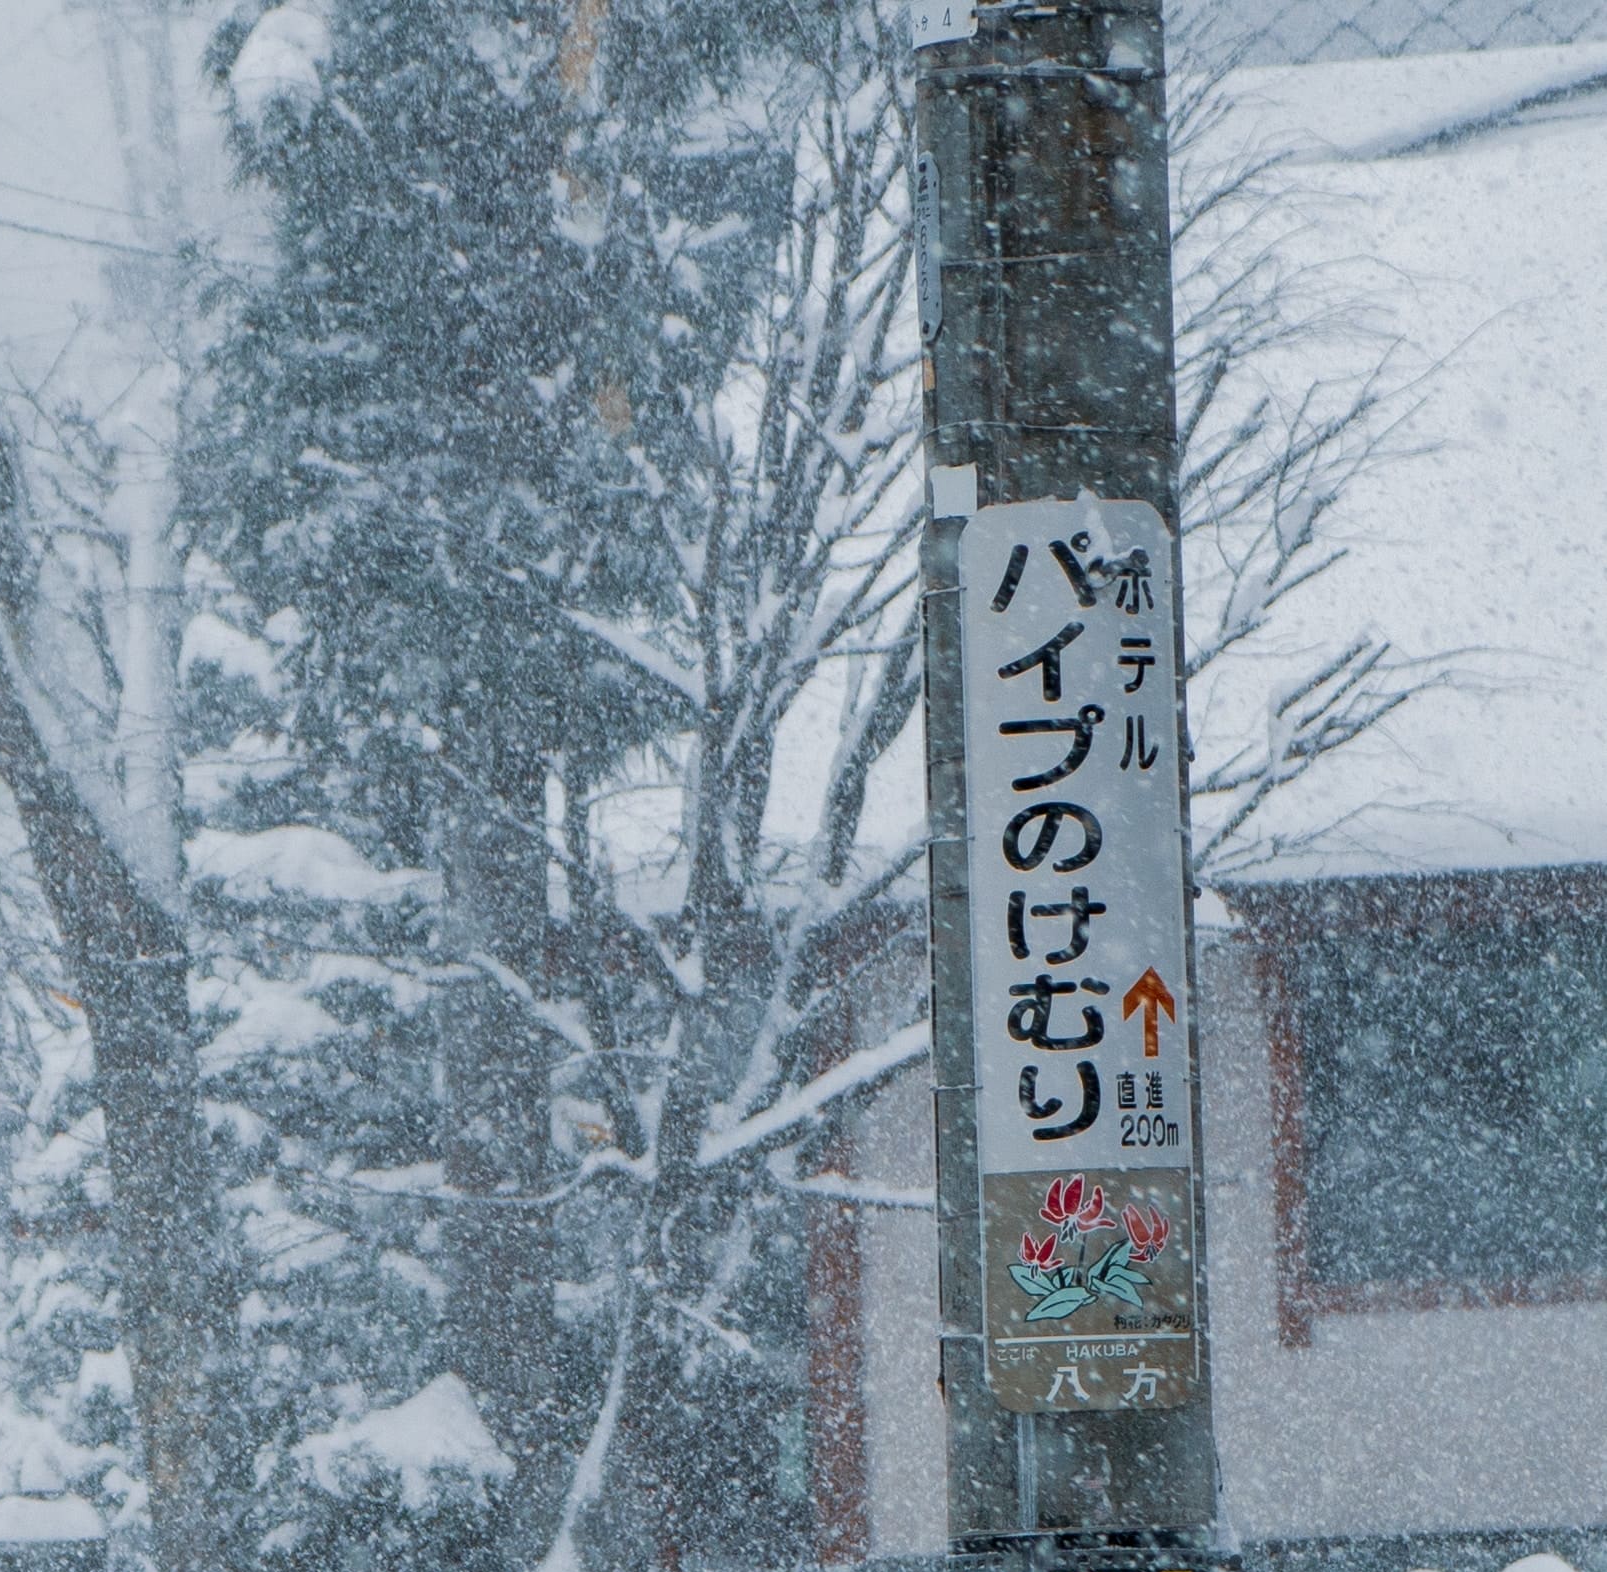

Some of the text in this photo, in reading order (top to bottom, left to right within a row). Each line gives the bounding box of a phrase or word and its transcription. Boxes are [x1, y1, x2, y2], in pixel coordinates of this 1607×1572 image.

[1115, 549, 1160, 771] ホテル
[989, 531, 1111, 1141] パイプのけむり
[1116, 1071, 1164, 1109] 直進
[1120, 1114, 1179, 1147] 200m
[996, 1347, 1036, 1361] ここは
[1066, 1344, 1138, 1358] HAKUBA
[1046, 1362, 1166, 1401] 八方

Aim of the task: Give back all of the data exactly, but not the pictures.

Exercise result:
Some of the text in this photo, in reading order (top to bottom, left to right within a row). Each line gives the bounding box of a phrase or word and its transcription. Boxes are [x1, y1, x2, y2], in pixel coordinates of this 1607×1572 image.

[1115, 549, 1160, 771] ホテル
[989, 531, 1111, 1141] パイプのけむり
[1116, 1071, 1164, 1109] 直進
[1120, 1114, 1179, 1147] 200m
[996, 1347, 1036, 1361] ここは
[1066, 1344, 1138, 1358] HAKUBA
[1046, 1362, 1166, 1401] 八方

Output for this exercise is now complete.